§ What is needed:
Print all of the records below again without a single difference.

§ Exercise inputs:
>>>

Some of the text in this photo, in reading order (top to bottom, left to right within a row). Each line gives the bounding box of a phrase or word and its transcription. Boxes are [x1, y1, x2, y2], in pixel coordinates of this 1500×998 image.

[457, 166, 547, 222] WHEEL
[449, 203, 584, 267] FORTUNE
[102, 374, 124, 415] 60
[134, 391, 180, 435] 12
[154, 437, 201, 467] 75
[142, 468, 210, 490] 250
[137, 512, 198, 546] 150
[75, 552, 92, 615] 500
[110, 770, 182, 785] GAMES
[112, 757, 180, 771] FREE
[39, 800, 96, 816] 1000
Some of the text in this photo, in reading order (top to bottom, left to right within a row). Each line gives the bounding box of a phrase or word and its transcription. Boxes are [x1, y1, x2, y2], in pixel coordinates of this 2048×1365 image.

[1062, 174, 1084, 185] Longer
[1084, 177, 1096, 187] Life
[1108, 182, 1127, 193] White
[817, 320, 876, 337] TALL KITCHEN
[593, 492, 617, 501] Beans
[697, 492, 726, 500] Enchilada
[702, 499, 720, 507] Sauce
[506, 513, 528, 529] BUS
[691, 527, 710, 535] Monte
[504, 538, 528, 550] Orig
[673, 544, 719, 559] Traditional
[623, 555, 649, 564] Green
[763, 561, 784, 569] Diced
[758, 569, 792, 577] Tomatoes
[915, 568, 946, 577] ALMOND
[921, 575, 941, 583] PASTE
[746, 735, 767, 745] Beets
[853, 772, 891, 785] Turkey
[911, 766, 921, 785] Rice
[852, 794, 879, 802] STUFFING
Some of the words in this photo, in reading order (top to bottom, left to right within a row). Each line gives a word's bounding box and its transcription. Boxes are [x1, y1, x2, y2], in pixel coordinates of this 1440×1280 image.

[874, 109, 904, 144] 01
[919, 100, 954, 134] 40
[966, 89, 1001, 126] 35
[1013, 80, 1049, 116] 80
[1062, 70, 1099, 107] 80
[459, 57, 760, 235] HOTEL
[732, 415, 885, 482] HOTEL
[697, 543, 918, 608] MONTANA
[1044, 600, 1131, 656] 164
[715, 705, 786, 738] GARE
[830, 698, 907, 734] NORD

<<<

§ Expected answer:
Some of the text in this photo, in reading order (top to bottom, left to right within a row). Each line gives the bounding box of a phrase or word and its transcription. Boxes are [x1, y1, x2, y2], in pixel coordinates of this 1500×998 image.

[457, 166, 547, 222] WHEEL
[449, 203, 584, 267] FORTUNE
[102, 374, 124, 415] 60
[134, 391, 180, 435] 12
[154, 437, 201, 467] 75
[142, 468, 210, 490] 250
[137, 512, 198, 546] 150
[75, 552, 92, 615] 500
[110, 770, 182, 785] GAMES
[112, 757, 180, 771] FREE
[39, 800, 96, 816] 1000
Some of the text in this photo, in reading order (top to bottom, left to right within a row). Each line gives the bounding box of a phrase or word and its transcription. Boxes are [x1, y1, x2, y2], in pixel coordinates of this 2048×1365 image.

[1062, 174, 1084, 185] Longer
[1084, 177, 1096, 187] Life
[1108, 182, 1127, 193] White
[817, 320, 876, 337] TALL KITCHEN
[593, 492, 617, 501] Beans
[697, 492, 726, 500] Enchilada
[702, 499, 720, 507] Sauce
[506, 513, 528, 529] BUS
[691, 527, 710, 535] Monte
[504, 538, 528, 550] Orig
[673, 544, 719, 559] Traditional
[623, 555, 649, 564] Green
[763, 561, 784, 569] Diced
[758, 569, 792, 577] Tomatoes
[915, 568, 946, 577] ALMOND
[921, 575, 941, 583] PASTE
[746, 735, 767, 745] Beets
[853, 772, 891, 785] Turkey
[911, 766, 921, 785] Rice
[852, 794, 879, 802] STUFFING
Some of the words in this photo, in reading order (top to bottom, left to right within a row). Each line gives a word's bounding box and its transcription. Boxes are [x1, y1, x2, y2], in pixel coordinates of this 1440×1280 image.

[874, 109, 904, 144] 01
[919, 100, 954, 134] 40
[966, 89, 1001, 126] 35
[1013, 80, 1049, 116] 80
[1062, 70, 1099, 107] 80
[459, 57, 760, 235] HOTEL
[732, 415, 885, 482] HOTEL
[697, 543, 918, 608] MONTANA
[1044, 600, 1131, 656] 164
[715, 705, 786, 738] GARE
[830, 698, 907, 734] NORD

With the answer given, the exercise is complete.